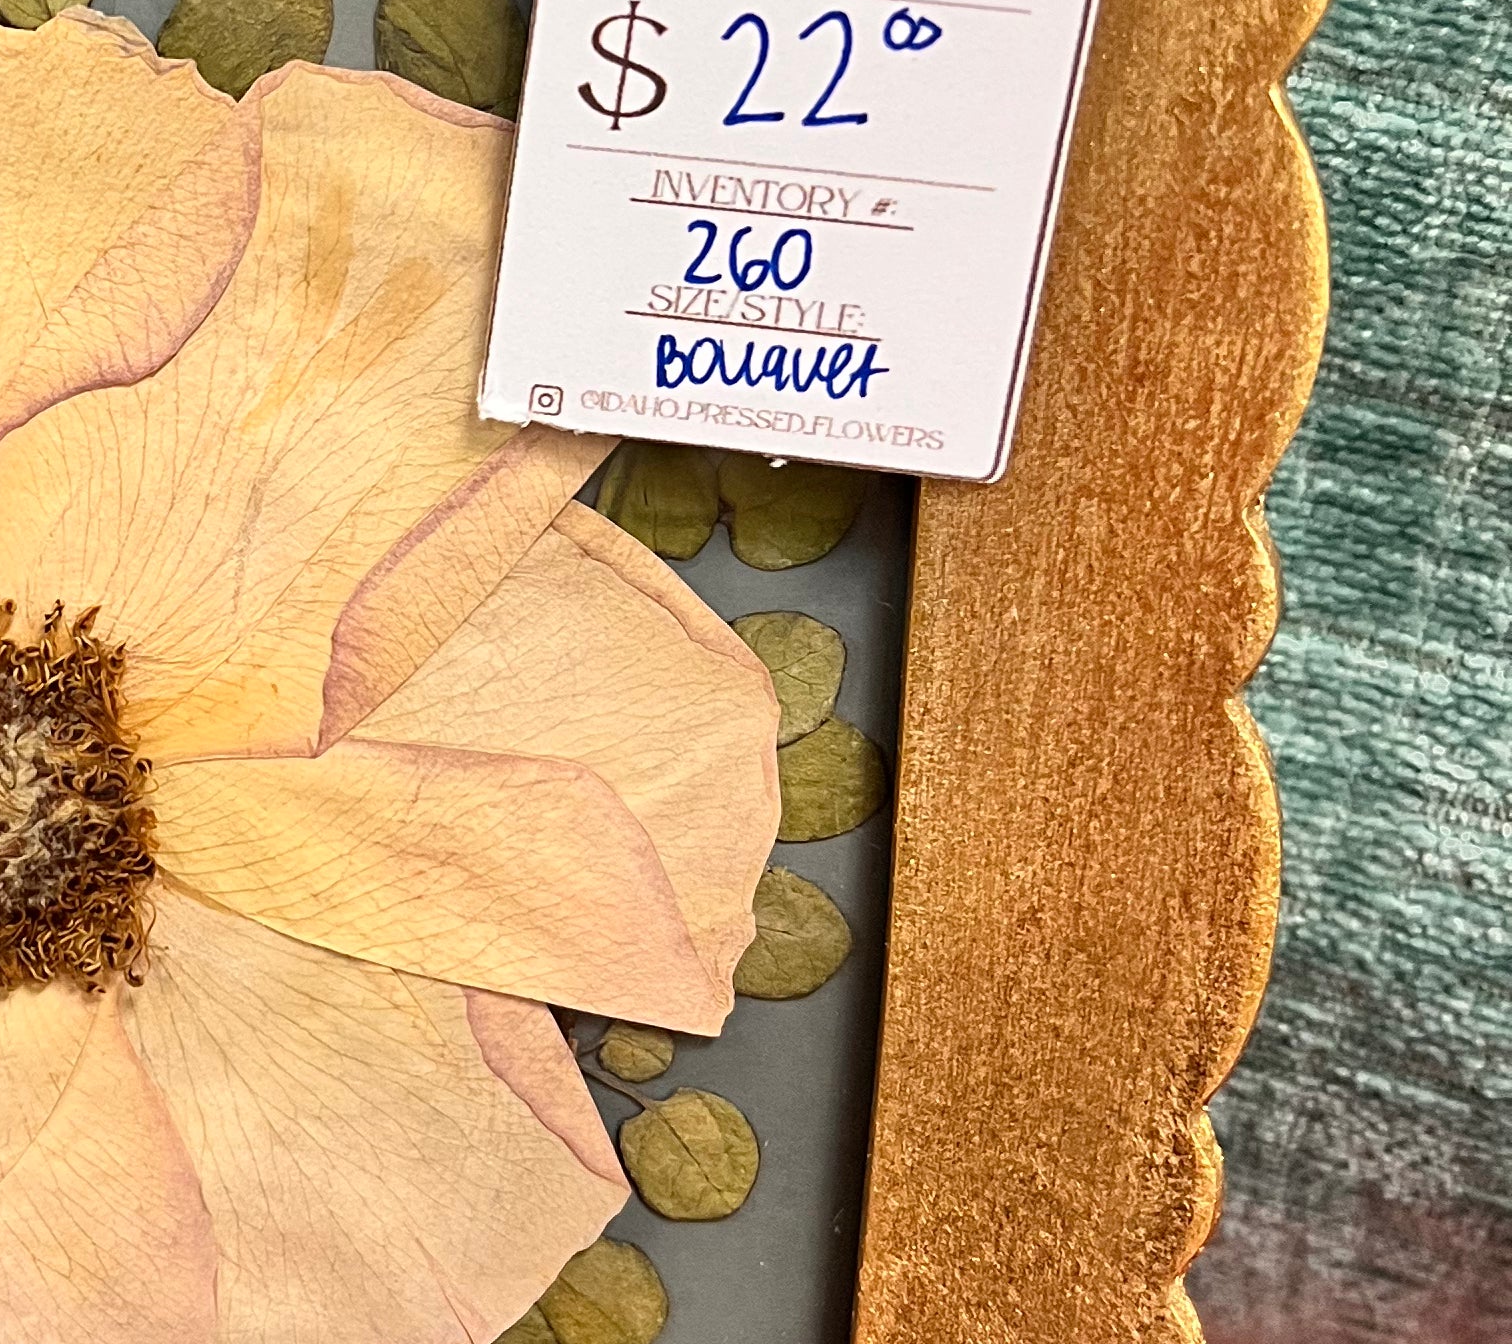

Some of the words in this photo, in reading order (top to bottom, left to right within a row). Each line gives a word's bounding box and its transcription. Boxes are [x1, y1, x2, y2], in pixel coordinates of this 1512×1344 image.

[577, 0, 669, 131] $
[649, 168, 863, 218] INVENTORY
[683, 218, 813, 292] 260
[646, 283, 868, 335] SIZE/STYLE:

━━━━━━━━━━━━━━━━

__Assignment__. The records shown above are to be repeated exactly, with the pictures left out.

__Exercise result__.
Some of the words in this photo, in reading order (top to bottom, left to right within a row). Each line gives a word's bounding box and its transcription. Boxes are [x1, y1, x2, y2], in pixel coordinates of this 1512×1344 image.

[577, 0, 669, 131] $
[649, 168, 863, 218] INVENTORY
[683, 218, 813, 292] 260
[646, 283, 868, 335] SIZE/STYLE:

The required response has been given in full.